It’s likely not a side effect or interaction you hear of often, but many mental health medications make you more sensitive to higher temperatures. When the thermometer starts creeping up into digits above 85 degrees Fahrenheit, you have a higher risk of experiencing mental health symptoms, especially if you take psychiatric medications. Given climate change will increase temperatures around the globe, here’s what you need to know.
On Wednesday, NPR reported the results of an analysis of emergency response calls due to mental health conditions during a 2018 summer heatwave in Baltimore. The heat index at times reached 103 degrees Fahrenheit, and reporters found mental health-related emergency calls rose 40% during the hottest months of summer in Baltimore due to a spike in symptoms. Those taking mental health medications like antipsychotics or antidepressants were especially impacted by the temperature.
“Heat is hard on human beings. Extreme temperatures are hard on human beings,” Ken Duckworth, medical director for the National Alliance on Mental Illness, told NPR. “The particular vulnerability is if you’re taking psychiatric medicines, that can actually make the condition higher risk for you.”
While it seems to rarely come up, experts have known heat has a big impact on people with mental illness since at least the 1970s when mental health institutions observed worsening manic or psychotic symptoms among their patients in the heat. Similar to NPR’s recent analysis, a study in Australia between 1993–2006 found a 7.3% increase in hospital admissions for mental health reasons once the temperature reached 80 degrees. Other studies over the years have replicated these findings. Additional research shows people with mental illness have three times the risk of death during a heatwave compared to those without a mental illness.

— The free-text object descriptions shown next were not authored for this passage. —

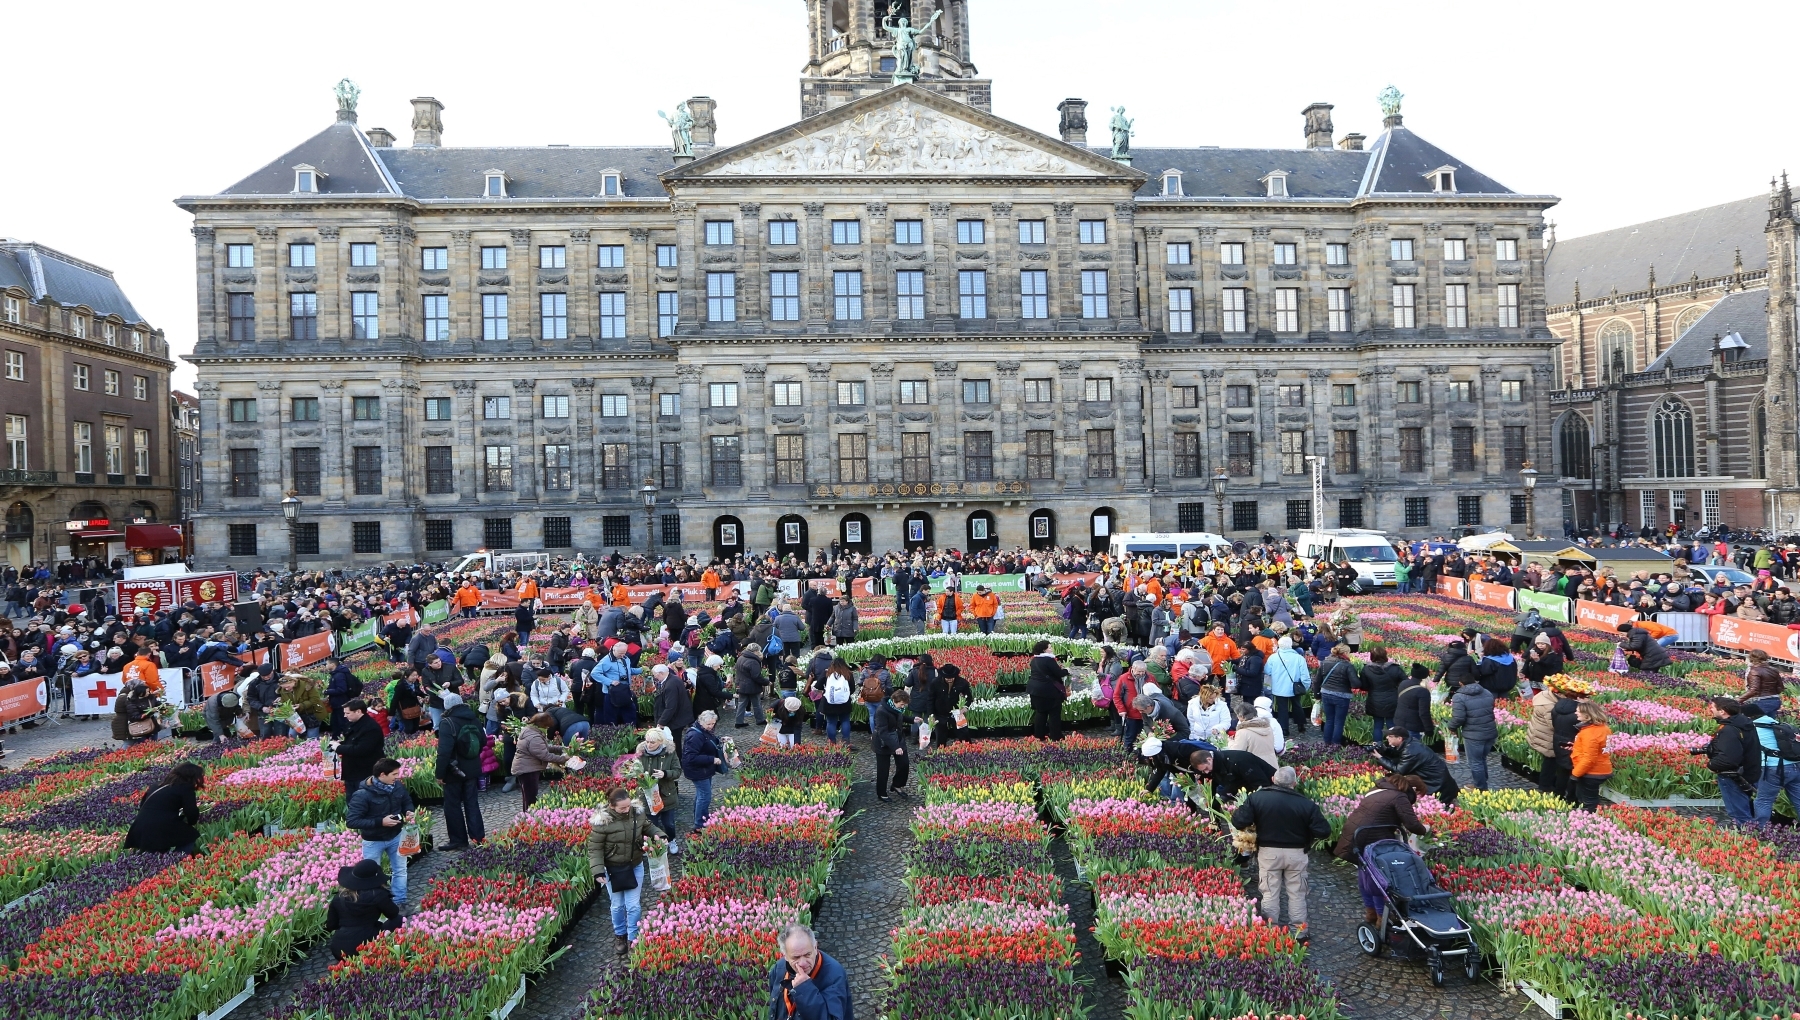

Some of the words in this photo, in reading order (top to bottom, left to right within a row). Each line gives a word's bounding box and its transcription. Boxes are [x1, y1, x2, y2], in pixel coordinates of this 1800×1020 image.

[123, 581, 166, 589] HOTDOGS
[998, 579, 1015, 587] own!
[544, 592, 561, 600] Pluk
[1580, 607, 1597, 620] Pluk
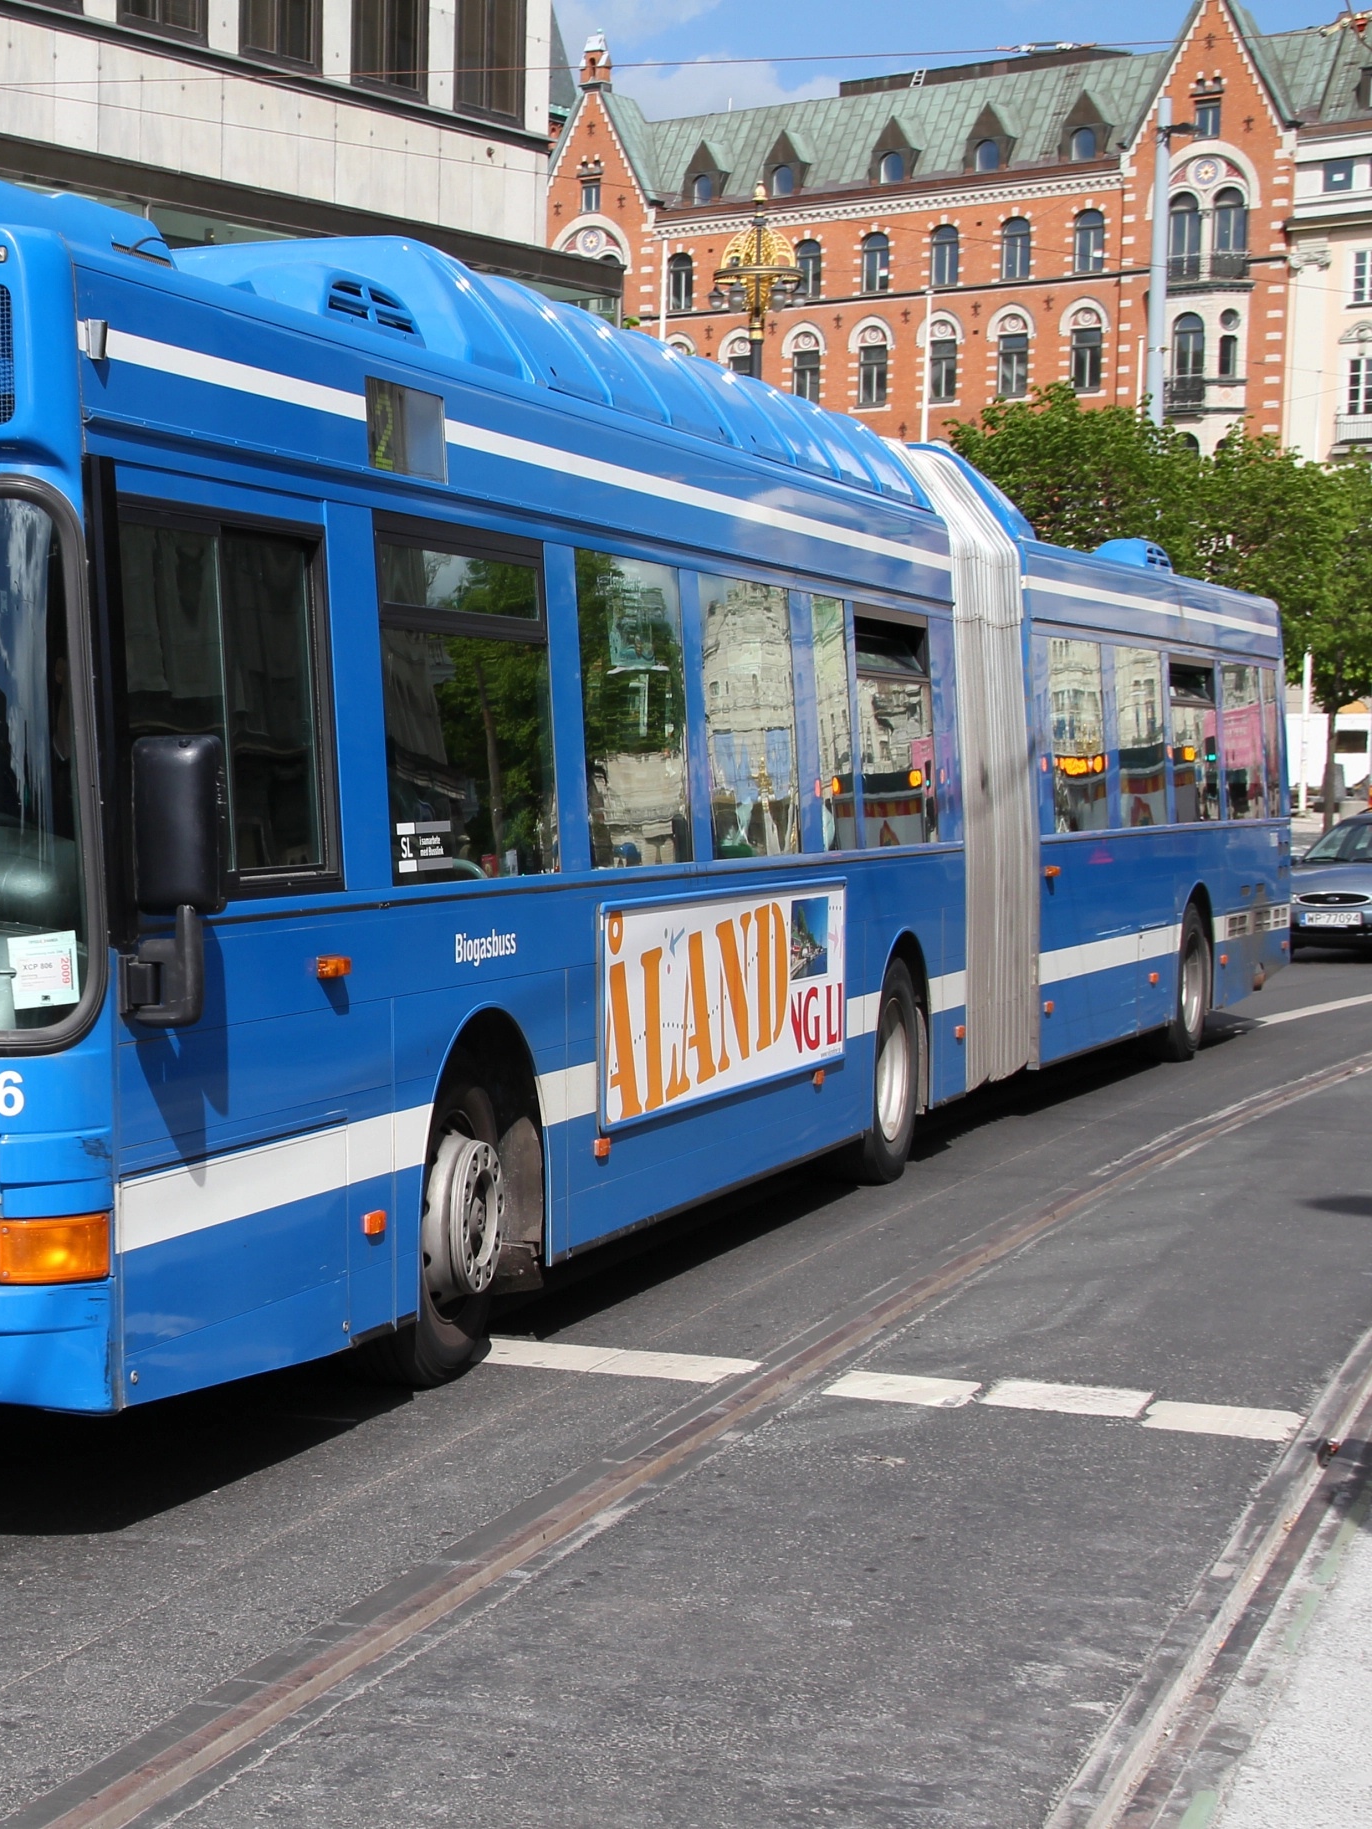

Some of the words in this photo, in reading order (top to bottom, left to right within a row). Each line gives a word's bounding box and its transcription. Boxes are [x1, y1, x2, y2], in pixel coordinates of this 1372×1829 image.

[374, 393, 394, 471] 2
[401, 836, 414, 859] SL
[1307, 914, 1321, 924] WP
[1325, 913, 1360, 924] 77094
[455, 928, 516, 967] Biogasbuss
[22, 963, 39, 971] XCP
[40, 962, 53, 970] 806
[60, 957, 71, 984] 2009
[605, 902, 788, 1125] ÅLAND
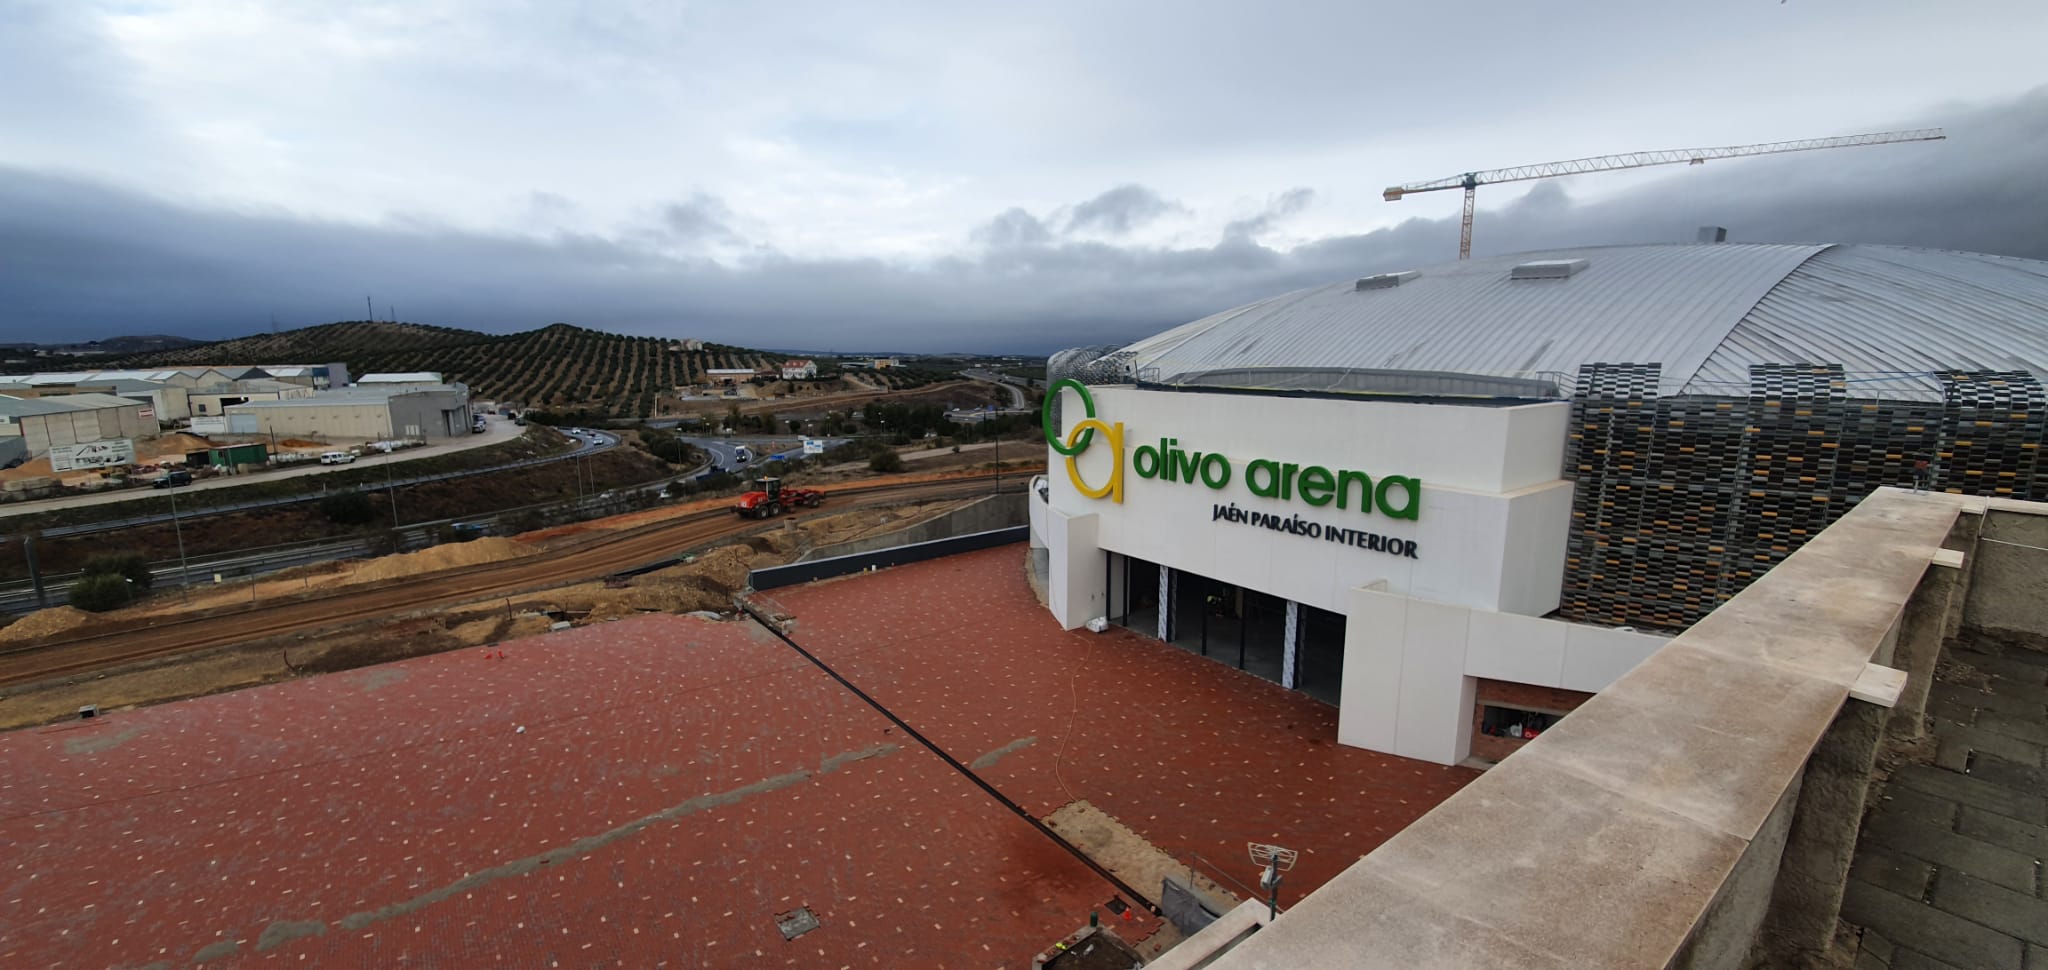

A major theory about why mental health emergencies flare during the heat has been traced back to psychiatric medications. Your body uses a self-monitoring thermoregulatory strategy to keep your internal body temperature at an optimal level. Mental health medications interrupt your temperature-regulating process, which means your internal temperature rises significantly when it gets hot. Increased internal body temperature can trigger mental health symptoms like mania or psychosis or heat-related complications like heat stroke.
More research is needed to understand the connection, but experts have found the neurotransmitters that help regulate your mood, including serotonin, dopamine and norepinephrine, also help regulate your body temperature. These are the same neurotransmitters targeted by most mental health medications. Adjusting the levels of these neurotransmitters to reduce your mental health symptoms may have unintended consequences that reduce your temperature-regulating system. Antipsychotic, antidepressant, sedative and mood-stabilizing medications, among others, all increase your vulnerability to heat.
You may also be more vulnerable to mental health emergencies in the heat from secondary issues when it’s hard to adjust your actions to account for the heat. For example, when you have a condition like depression that makes it difficult to get out of bed, you may be less likely to drink enough water during a heatwave. If you’re actively experiencing mania or psychosis, you may over-exercise and over-exert yourself in the heat. When it’s hot, it’s also harder to sleep, and disrupted sleep makes you more vulnerable to mental health symptoms.
It’s important to take the heat-related interactions of mental health medications into consideration because temperatures are expected to rise significantly due to climate change in the coming years. According to National Aeronautics and Space Administration (NASA), heat will continue to rise, heatwaves will last longer and the heat will be more intense. “Extreme heat days” will also occur more often, which means additional preventative measures will be needed for the 16.7% of the U.S. population that relies on medications to manage their mental health symptoms.
The Ohio Department of Mental Health suggested some precautions you can take to reduce your risk of a mental health emergency during hot days, including:
Try to stay cool during the hottest hours of the day by finding air-conditioned spaces, closing curtains and blinds to keep out the sun when it’s hottest and staying in cooler rooms
Avoid outdoor activities and exercise during the hottest times of the day to prevent extra overheating
Remember and set reminders to drink more water than usual to stay hydrated and help your body regulate its temperature
Dress in lighter-colored clothing that fits loosely on your body to allow your skin to breathe
Try taking a cool shower or bath if you start to feel too hot or overheated
Eat regular meals to provide your body with energy, salt and additional hydration to support its temperature ability regulations
And, if you find you’re struggling with your mental health in the heat or have concerns about how your medications will be impacted in hotter weather, talk to your doctor about what you should know and how you can cope in the heat.